Mientras que el término "sexo" hace referencia a las diferencias biológicas entre hombres y mujeres, "género" describe los roles, las funciones, los derechos y las responsabilidades establecidas por la sociedad y que las comunidades y sociedades consideran apropiados tanto para los hombres como para las mujeres. Esta serie de supuestos, construidos a partir de las diferencias biológicas entre hombres y mujeres, crean las identidades de género y contribuyen, a su vez, a la discriminación de género.

Al tratarse de una elaboración social, el género es un concepto muy difuso. No sólo cambia con el tiempo, sino también de una cultura a otra y entre los diversos grupos dentro de una misma cultura. En consecuencia, las diferencias son una construcción social y no una característica esencial de individuos o grupos y, por lo tanto, las desigualdades y los desequilibrios de poder no son un resultado "natural" de las diferencias biológicas.8

Para lograr la igualdad y la no discriminación existe la obligación por parte de los poderes públicos de promover condiciones que sean reales y efectivas, como se desprende de los artículos 8o. y 9o. de la ley, que señalan la actuación de los distintos niveles del Estado: "Artículo 8o. La Federación, los estados, el Distrito Federal y los municipios establecerán las bases de coordinación para la integración y funcionamiento del Sistema Nacional para la Igualdad entre Mujeres y Hombres".

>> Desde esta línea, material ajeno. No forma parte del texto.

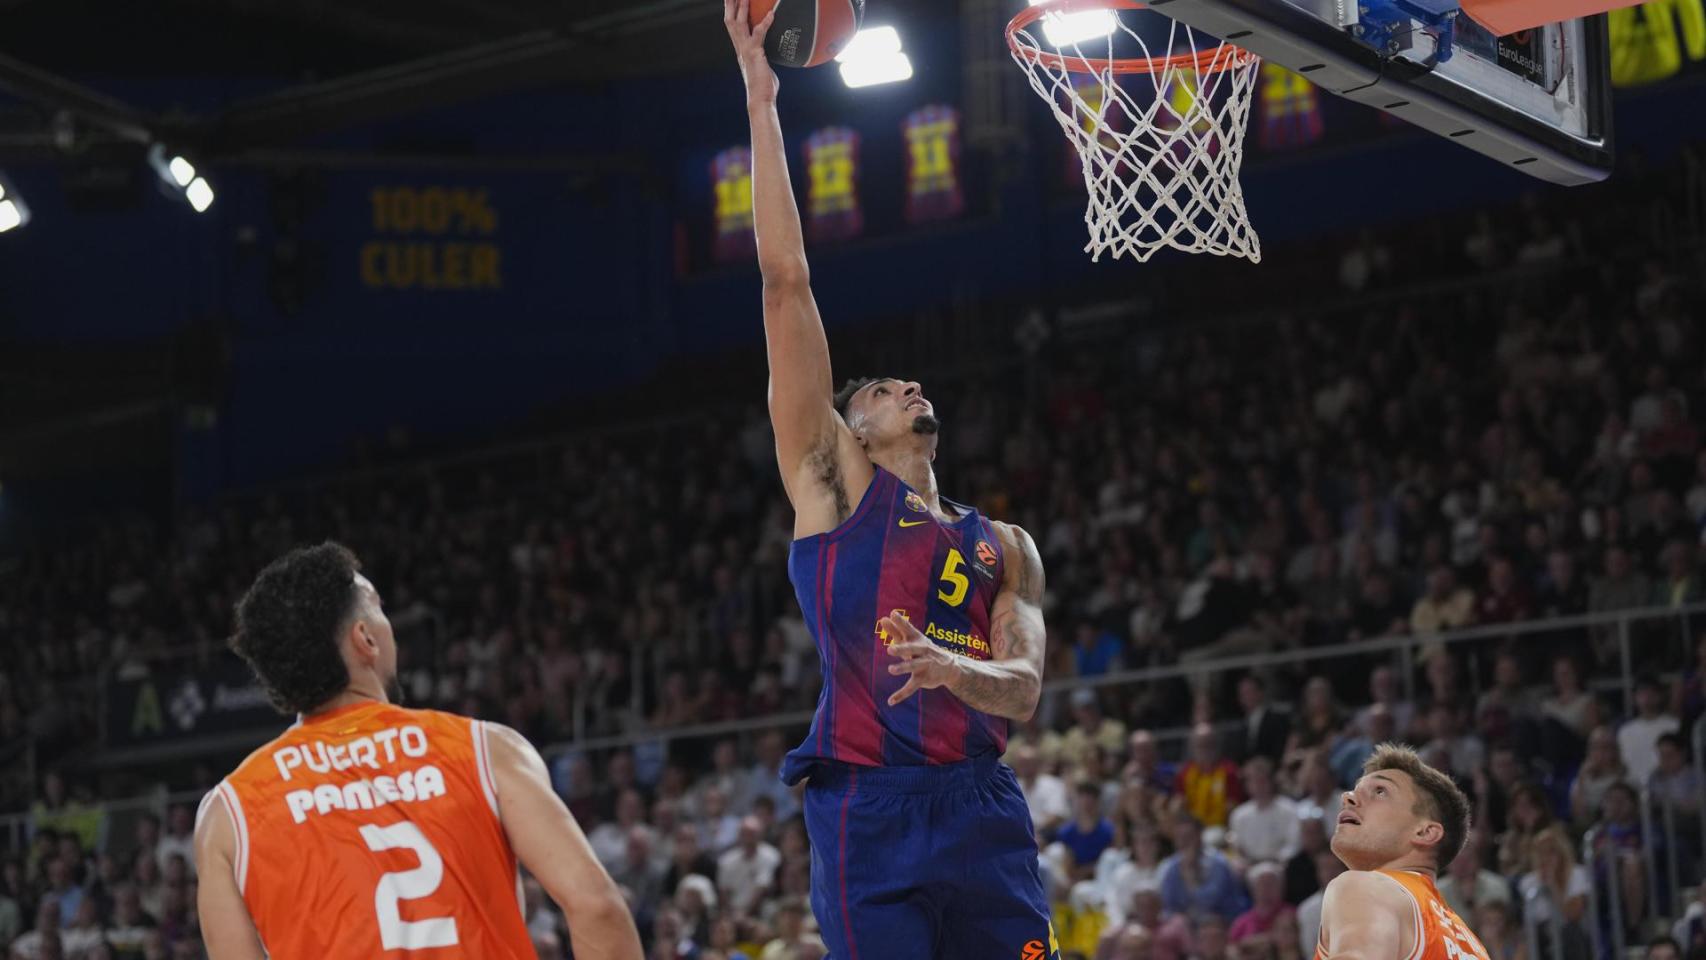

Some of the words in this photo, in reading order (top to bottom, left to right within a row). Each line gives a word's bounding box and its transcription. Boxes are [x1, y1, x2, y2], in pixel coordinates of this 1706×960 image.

[1497, 41, 1544, 74] EuroLeague
[370, 186, 497, 233] 100%
[360, 243, 502, 290] CULER
[937, 548, 970, 608] 5
[272, 725, 428, 782] PUERTO
[284, 764, 447, 825] PAMESA
[358, 820, 459, 951] 2
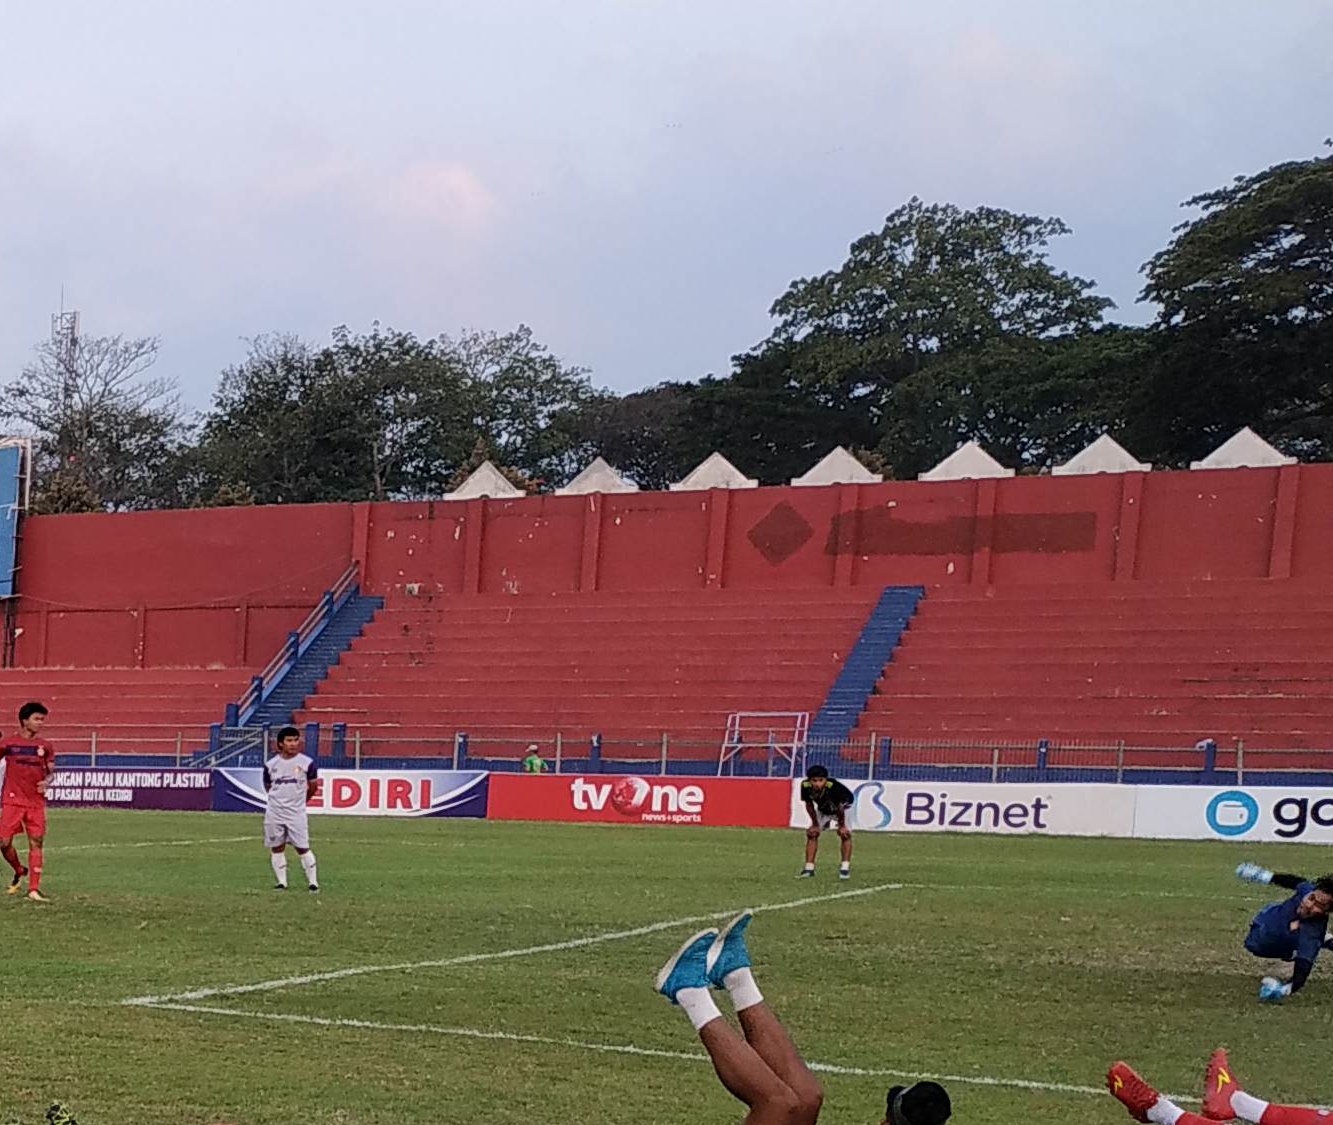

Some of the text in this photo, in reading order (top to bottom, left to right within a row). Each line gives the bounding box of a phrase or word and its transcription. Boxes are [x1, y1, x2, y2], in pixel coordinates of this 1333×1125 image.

[85, 772, 113, 787] PAKAI
[115, 773, 160, 788] KANTONG
[162, 773, 210, 788] PLASTIK!
[55, 789, 81, 801] PASAR
[83, 789, 104, 801] KOTA
[905, 791, 1049, 829] Biznet

Y entre las funciones fundamentales para el logro de este objetivo se plantea:

Artículo 9o. [...]

I. Fortalecer sus funciones y atribuciones en materia de igualdad;

II. Establecer mecanismos de coordinación para lograr la transversalidad de la perspectiva de género en la función pública nacional;

III. Impulsar la vinculación interinstitucional en el marco del Sistema;

IV. Coordinar las tareas en materia de igualdad mediante acciones específicas y, en su caso, afirmativas que contribuyan a una estrategia nacional, y

V. Proponer iniciativas y políticas de cooperación para el desarrollo de mecanismos de participación igualitaria de mujeres y hombres, en los ámbitos de la economía, toma de decisiones y en la vida social, cultural y civil.

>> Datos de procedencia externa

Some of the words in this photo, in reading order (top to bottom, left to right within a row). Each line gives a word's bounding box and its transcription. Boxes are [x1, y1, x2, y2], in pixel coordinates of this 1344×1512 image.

La igualdad entre mujeres y hombres es un principio jurídico universal reconocido en diferentes instrumentos internacionales sobre derechos humanos, como por ejemplo, la Convención sobre la Eliminación de todas las Formas de Discriminación contra la Mujer, aprobada por la Asamblea General de Naciones Unidas, ratificada por México en el 23 de marzo de 1981 y publicada en el Diario Oficial de la Federación el 12 de mayo de 1981. Igualmente podemos mencionar los compromisos de México con relación a la plataforma de acción de Beijing.

La igualdad entre mujeres y hombres y la eliminación de las desigualdades entre unas y otros son un objetivo que debe integrarse en todas las políticas y acciones del Estado y sus agentes.

El artículo 4o. constitucional establece el pleno reconocimiento de la igualdad formal ante la ley, sin embargo, parece que no ha sido suficiente, en tanto que ha habido la necesidad de establecer una ley general y concreta para el logro del respeto, goce y ejercicio de este derecho. La violencia de género en todas sus manifestaciones, que definitivamente importan actos de discriminación y violaciones a derechos humanos, la todavía pobre presencia de mujeres en puestos de responsabilidad política, social, cultural y económica, o los problemas de conciliación entre la vida personal, laboral y familiar, muestran cómo la igualdad plena y efectiva, entre mujeres y hombres, todavía es un objetivo por alcanzar.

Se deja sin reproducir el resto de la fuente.